“The Eastern Diary”: Juliusz Słowacki’s travel notebook from his journey to Greece, Egypt and the Holy Land

“The Eastern Diary”: Juliusz Słowacki’s travel notebook from his journey to Greece, Egypt and the Holy Land “The Eastern Diary”: Juliusz Słowacki’s travel notebook from his journey to Greece, Egypt and the Holy Land

Contributors: Maria Kalinowska (Faculty Artes Liberales, University of Warsaw), Milena Chilińska (Faculty Artes Liberales, University of Warsaw)

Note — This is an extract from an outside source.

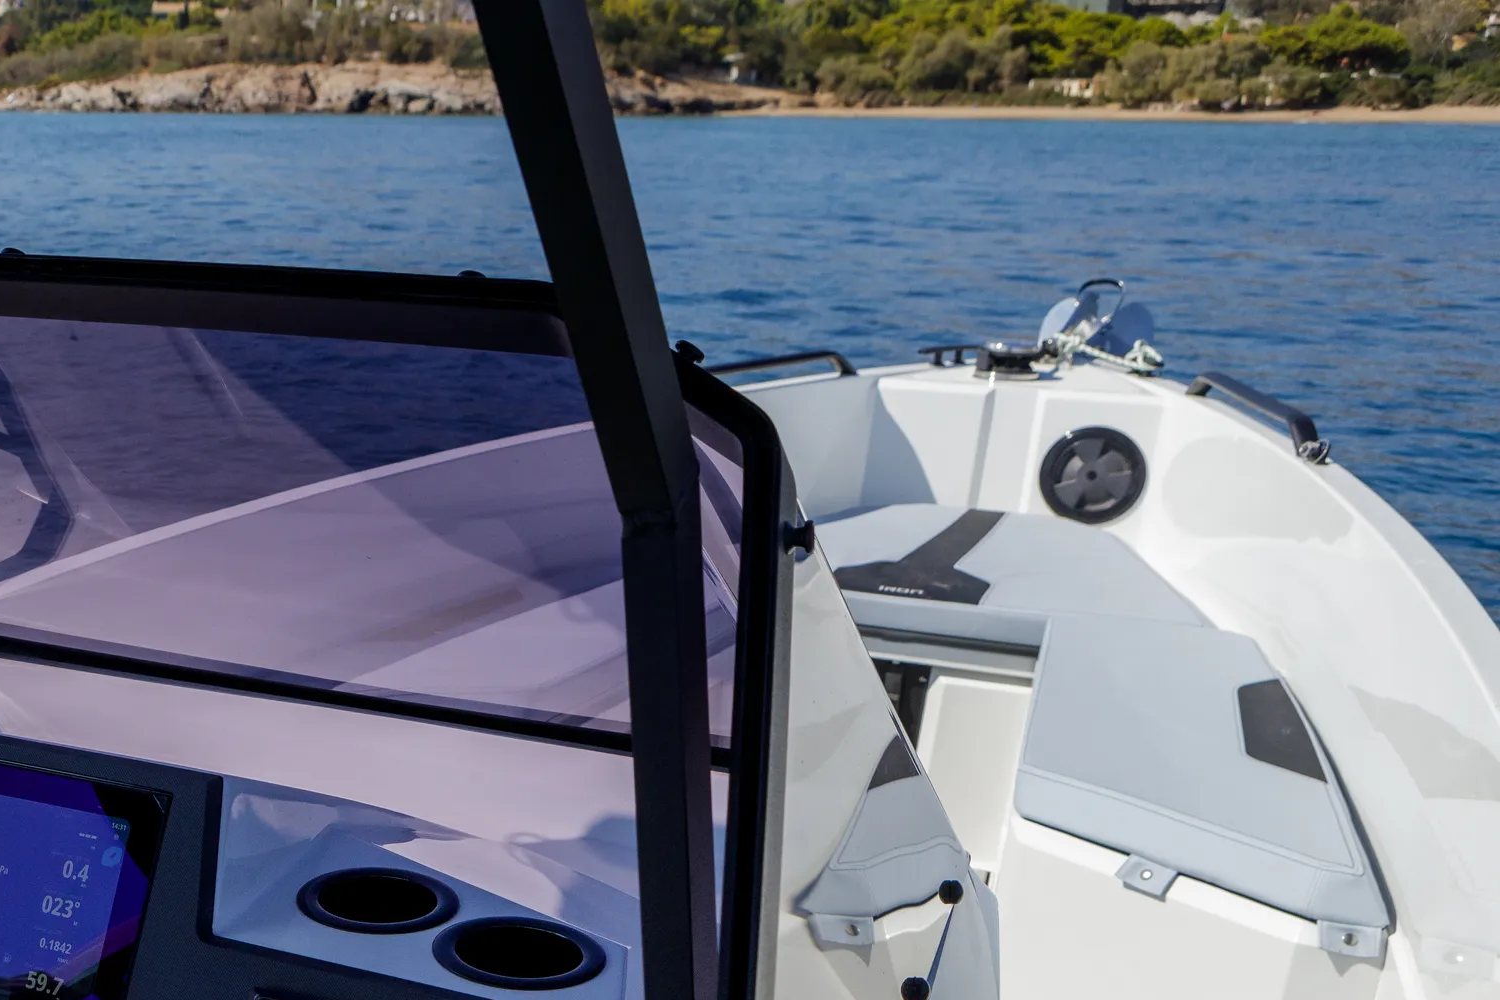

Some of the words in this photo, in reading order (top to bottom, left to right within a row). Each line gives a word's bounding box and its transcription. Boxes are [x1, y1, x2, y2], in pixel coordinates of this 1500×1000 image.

[62, 860, 90, 882] 0.4
[39, 937, 72, 955] 0.1842
[25, 970, 64, 996] 59.7

Location: The Russian State Library, Moscow, Russia

Description: This travel diary belonged to Juliusz Słowacki (born 1809 in Krzemieniec, Volhynia, now part of Ukraine, died 1849 Paris), second only to Adam Mickiewicz as the most important Polish Romantic poet. He is considered one of the most important Polish writers influencing national consciousness and culture, expressing the problems of modern Polish history in the greatest depth. Słowacki’s oeuvre reflects the European historiosophical and aesthetic issues of his time. Romantic ideals of freedom, revolution, progress, and sacrifice, as well as Romantic irony and artistry, gain unique and original interpretations in his works. Because of the prevailing political situation in his homeland, he lived in exile and travelled throughout Western Europe from the early 1830s onwards, never able to return to Poland.

From 1836 to 1837 Słowacki completed a major journey to Greece and the Middle East. He made extensive notes and drawings on his journey, as well as drafts of poems, in a notebook now known as the Eastern Diary. This notebook was thought to have been lost, but in 2010 it resurfaced unexpectedly in a library in Moscow. The story of this document is as fascinating as the story of Słowacki’s journey itself.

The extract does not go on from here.